Rather than worry about how to get growth going, people should be worrying how to make the most of a South African economy that is “pumping”, South African Reserve Bank (SARB) Governor Tito Mboweni said on Monday.
He was speaking at a media conference following the fourth business round table with the government, organised by The Economist magazine.
The round table addressed issues of faster growth, attracting foreign direct investment and black economic empowerment.
“One of the questions you have asked me to address is whether a strong rand will impede growth. It is difficult to isolate the exchange-rate movements from other policy initiatives. What I do know is that the South African economy is growing very strongly, it is pumping, as the macro-economic reforms flow into micro-economic reforms,” Mboweni said.
“The current real interest rates are not prohibitive and most companies and households have healthy balance sheets,” he said.
South Africa’s real prime rate is of the order of 6%, which is considerably higher than many other emerging market economies and most developed economies.
He also said the link between M3 money-supply growth and consumer inflation is not statistically significant.
The United States Federal Reserve will no longer publish the M3 money-supply aggregate from March next year.
“As one of my central bank peers said, ‘It is not that we have abandoned money-supply aggregates; rather, they have abandoned us,'” he said.
South Africa pursued a monetary policy strategy that included setting some pre-announced M3 money-supply targets from 1986 to 1989 and M3 guidelines from 1990, until formal inflation targeting was introduced in 2000.
Stable rand
The SARB prefers a stable and competitive exchange rate, Mboweni said.
He suspects that the rand will be stronger and more stable going forward, as structural issues such as the closing of the net open forward position and building foreign reserves have been addressed. This has resulted in credit-ratings upgrades.
“The rand’s volatility has dropped from 30% in mid-2003 to only 10% last month, while on a trade-weighted basis, which is a far better way at looking at the rand than just against the US dollar, the rand has only lost 6% since the beginning of the year,” Mboweni said.
He reiterated that the SARB does not have an exchange-rate target, only an inflation target, and he said the biggest risk going forward is oil prices, not the rand.
“People talk about ‘hot money’, but we have not been able to quantify it, and the International Monetary Fund — in a paper entitled The Composition of Capital Flows: Is South Africa Different? — came to the conclusion that we are different, as we attract three times more portfolio flows for the size of our economy and those flows are more stable than other emerging markets,” he said.
“So, there may be some deterioration in the current account, but this is more than covered by capital inflows. In addition, these inflows are increasingly of the foreign direct investment kind, with the Barclays deal merely the first of many,” Mboweni said.
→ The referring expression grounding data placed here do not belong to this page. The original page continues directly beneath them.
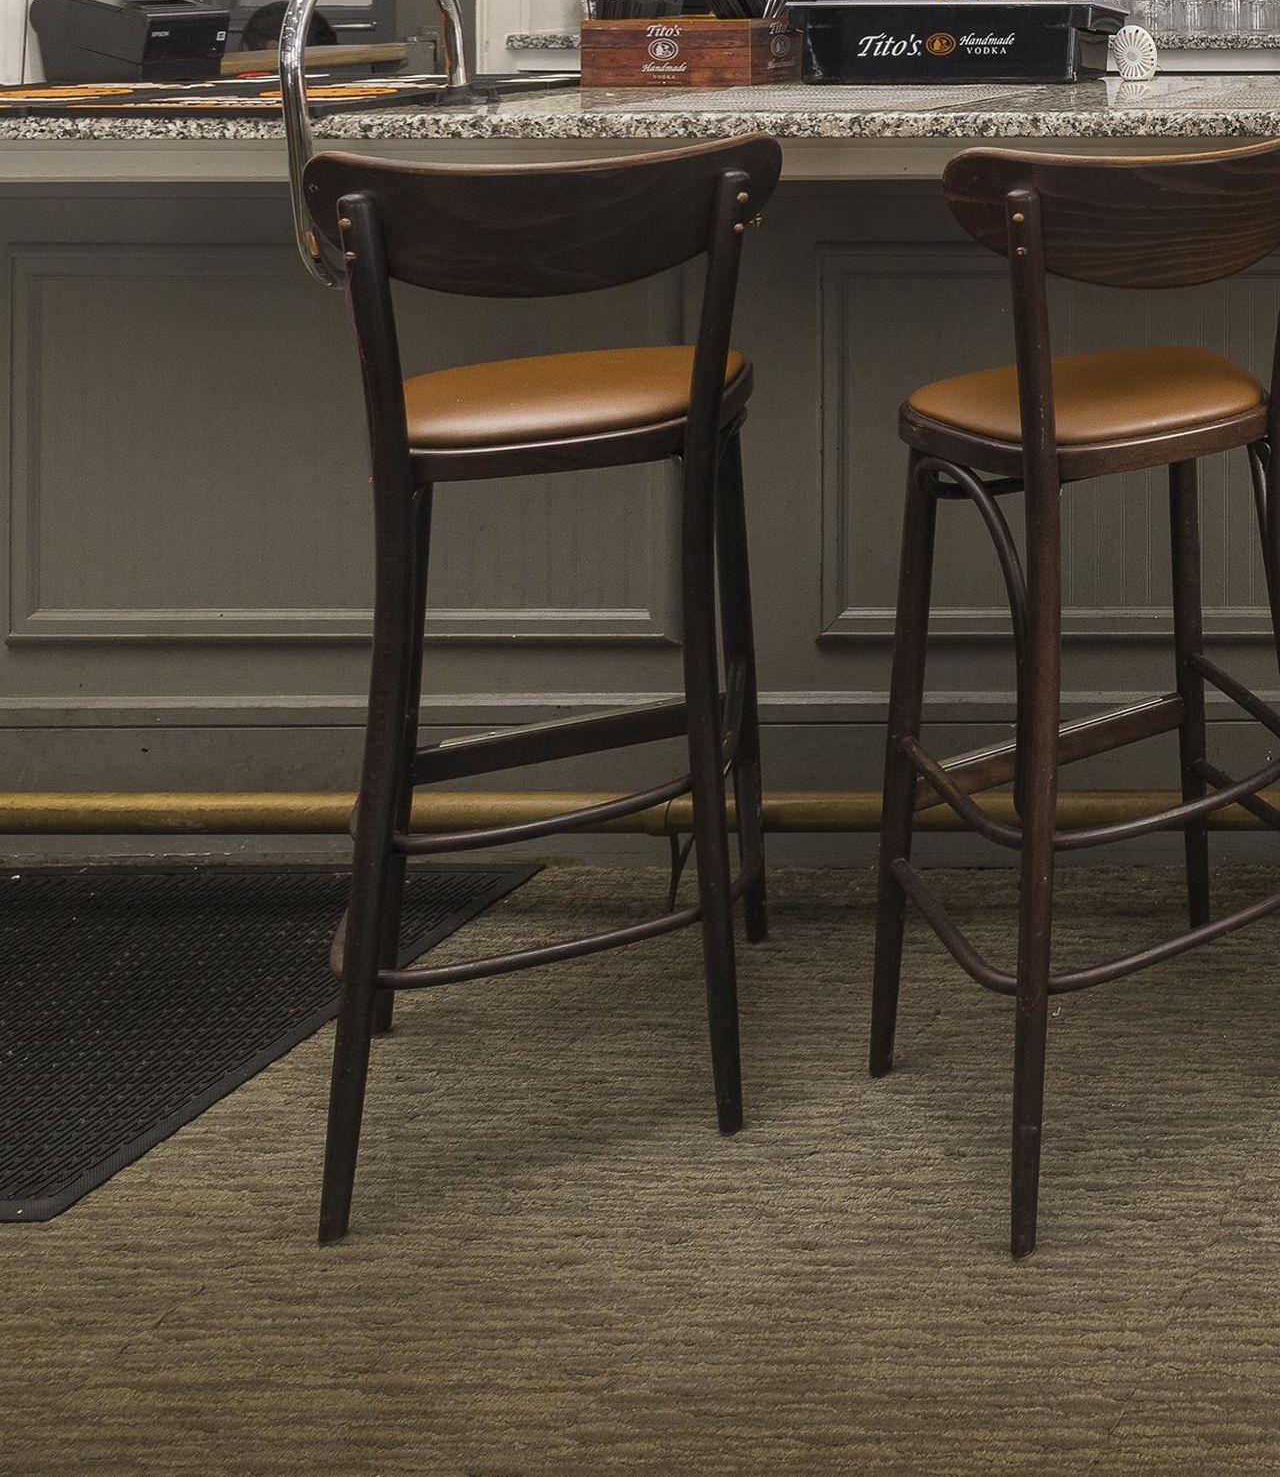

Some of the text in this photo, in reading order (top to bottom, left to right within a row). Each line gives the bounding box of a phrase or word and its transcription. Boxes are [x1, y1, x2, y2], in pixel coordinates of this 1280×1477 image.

[646, 24, 682, 37] Tito's
[857, 32, 923, 57] Tito's
[959, 33, 1015, 46] Handmade
[966, 47, 1008, 55] VODKA
[641, 61, 688, 73] Handmade
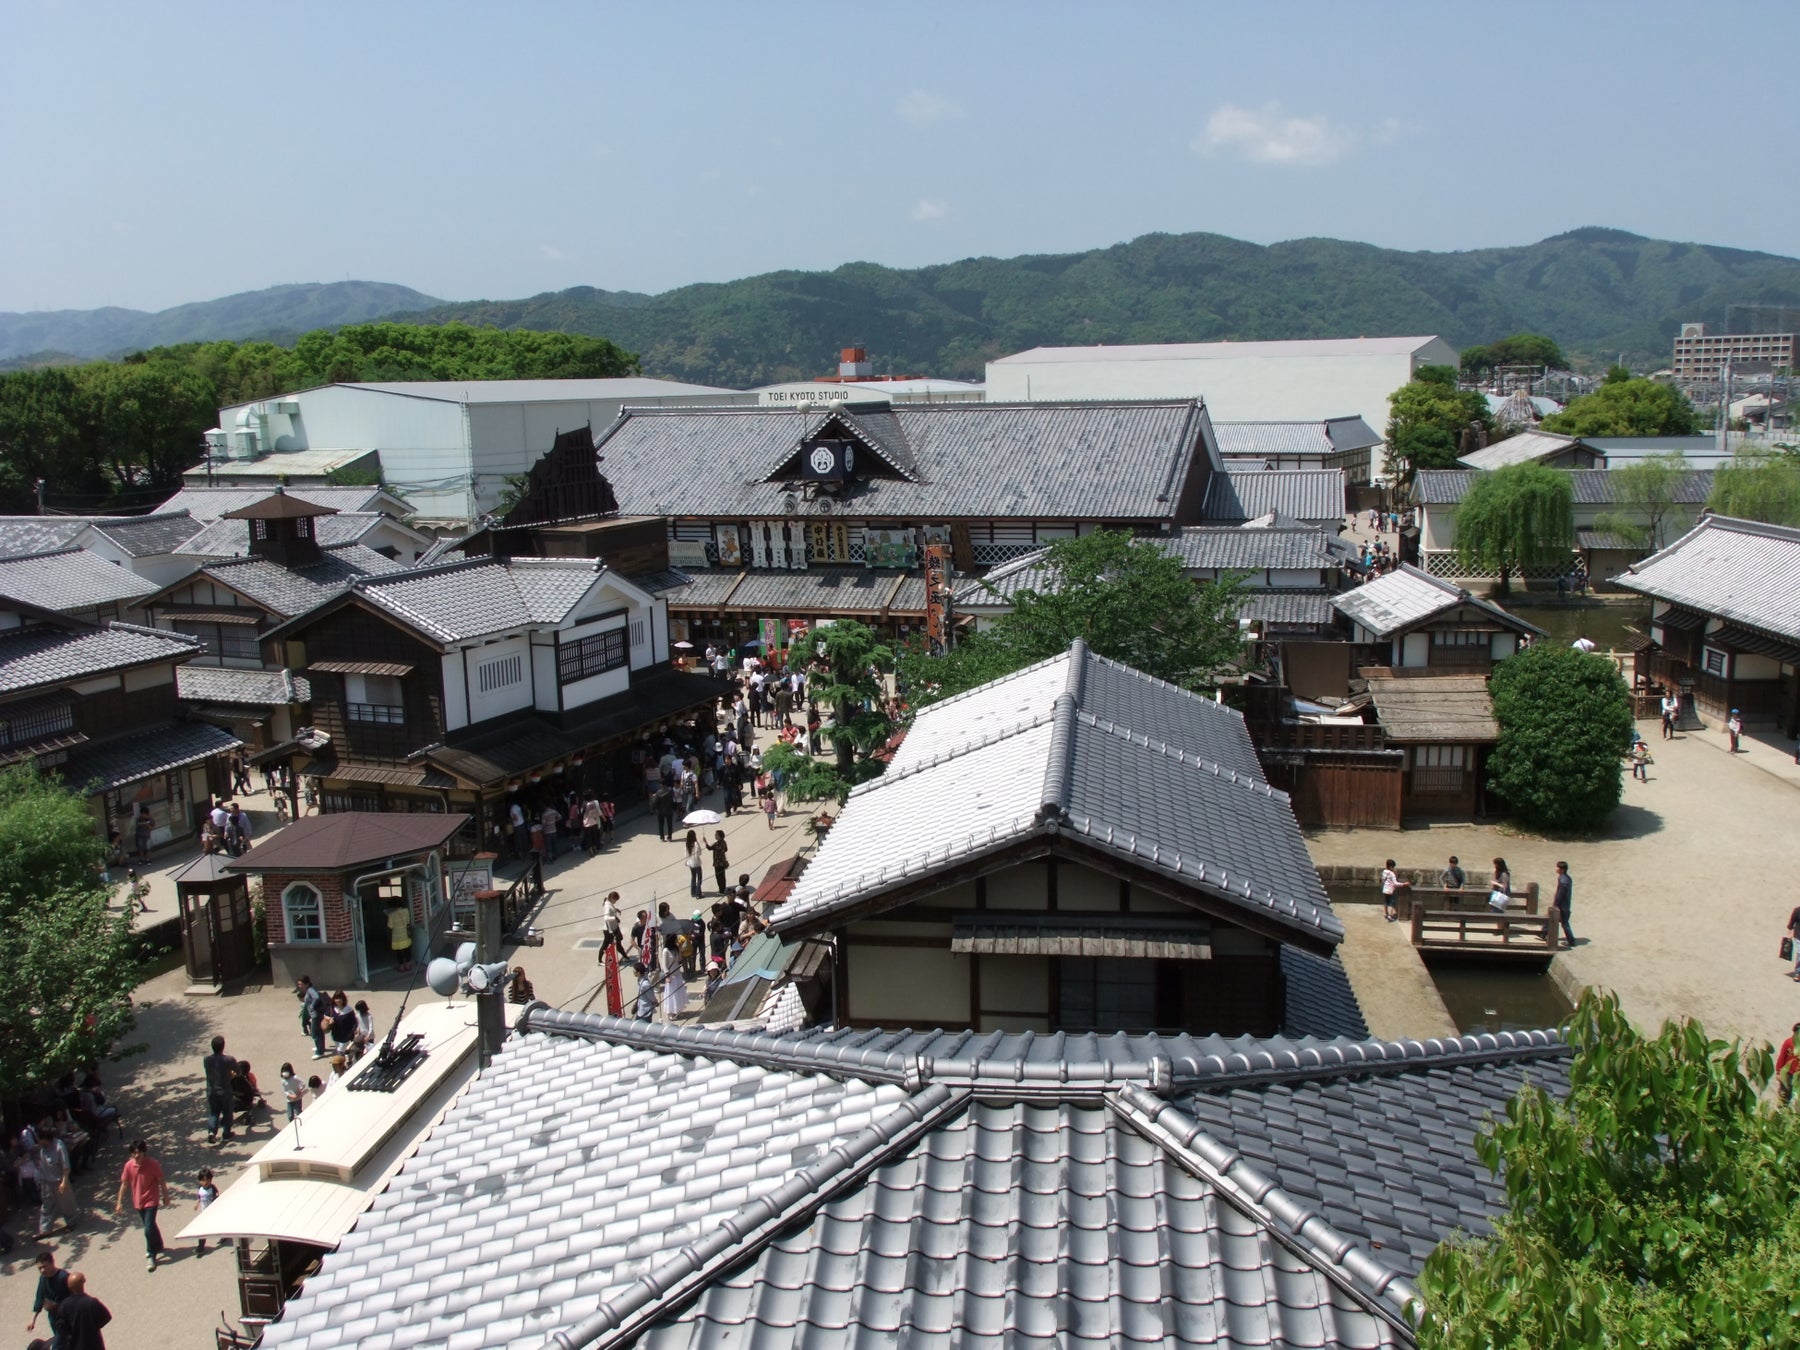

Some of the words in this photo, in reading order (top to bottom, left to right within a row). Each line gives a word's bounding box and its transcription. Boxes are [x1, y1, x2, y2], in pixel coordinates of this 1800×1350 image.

[768, 392, 788, 401] TOEI
[790, 391, 815, 401] KYOTO
[818, 391, 849, 400] STUDIO
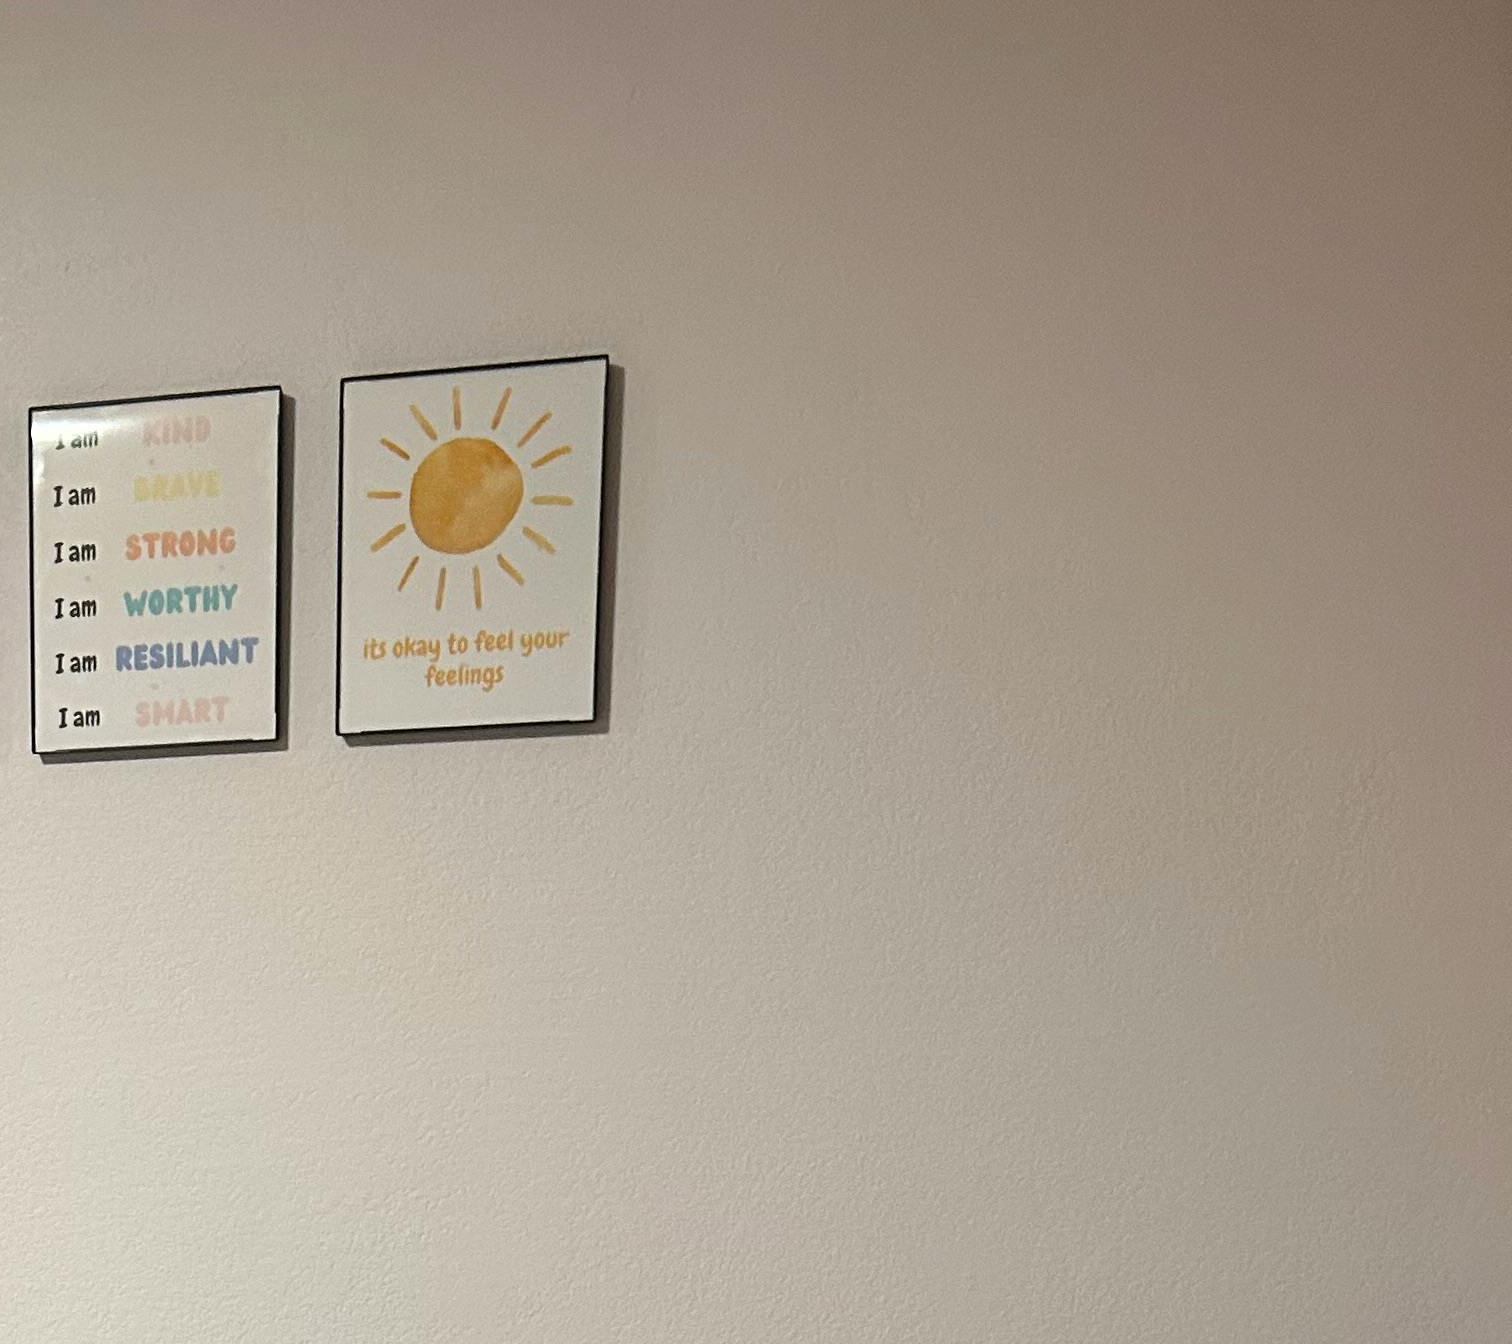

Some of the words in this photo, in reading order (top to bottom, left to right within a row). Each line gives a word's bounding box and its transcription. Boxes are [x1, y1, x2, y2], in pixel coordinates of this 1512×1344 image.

[70, 431, 99, 449] am
[142, 415, 212, 446] KIND
[53, 485, 64, 508] I
[68, 487, 96, 506] am
[134, 468, 222, 502] BRAVE
[54, 542, 65, 564] I
[69, 543, 96, 562] am
[125, 526, 237, 561] STRONG
[55, 598, 65, 619] I
[69, 599, 97, 618] am
[123, 583, 238, 617] WORTHY
[55, 653, 65, 674] I
[70, 654, 97, 673] am
[115, 637, 260, 672] RESILIANT
[363, 637, 387, 660] its
[392, 636, 441, 662] okay
[447, 633, 469, 655] to
[474, 629, 514, 652] feel
[520, 630, 570, 657] your
[425, 664, 504, 693] feelings
[58, 708, 68, 728] I
[73, 709, 101, 727] am
[135, 696, 230, 727] SMART
A rand near R6 per dollar will put a strain on the mining sector, but miners have to deal with reality, he said.
“I do not see politicians standing up and saying I want a collapsed currency, as they know that will result in higher inflation, which will hurt the poor more than the rich.
“Miners must learn to deal with reality and I am confident that Chinese demand will lead to strong commodity prices. It is the function of central banks to provide financial stability, which is supportive of growth and job creation,” Mboweni said.
Regional policies
The SARB considers regional economies when the monetary policy committee (MPC) meets to discuss monetary policy, but formal representation of other central banks on the MPC is a political decision, Mboweni said.
“The governors of other regional central banks send us information two days before the MPC meets, so we do consider the impact of our decisions on other economies, but actual representation of other central banks on the MPC is a political decision,” Mboweni said.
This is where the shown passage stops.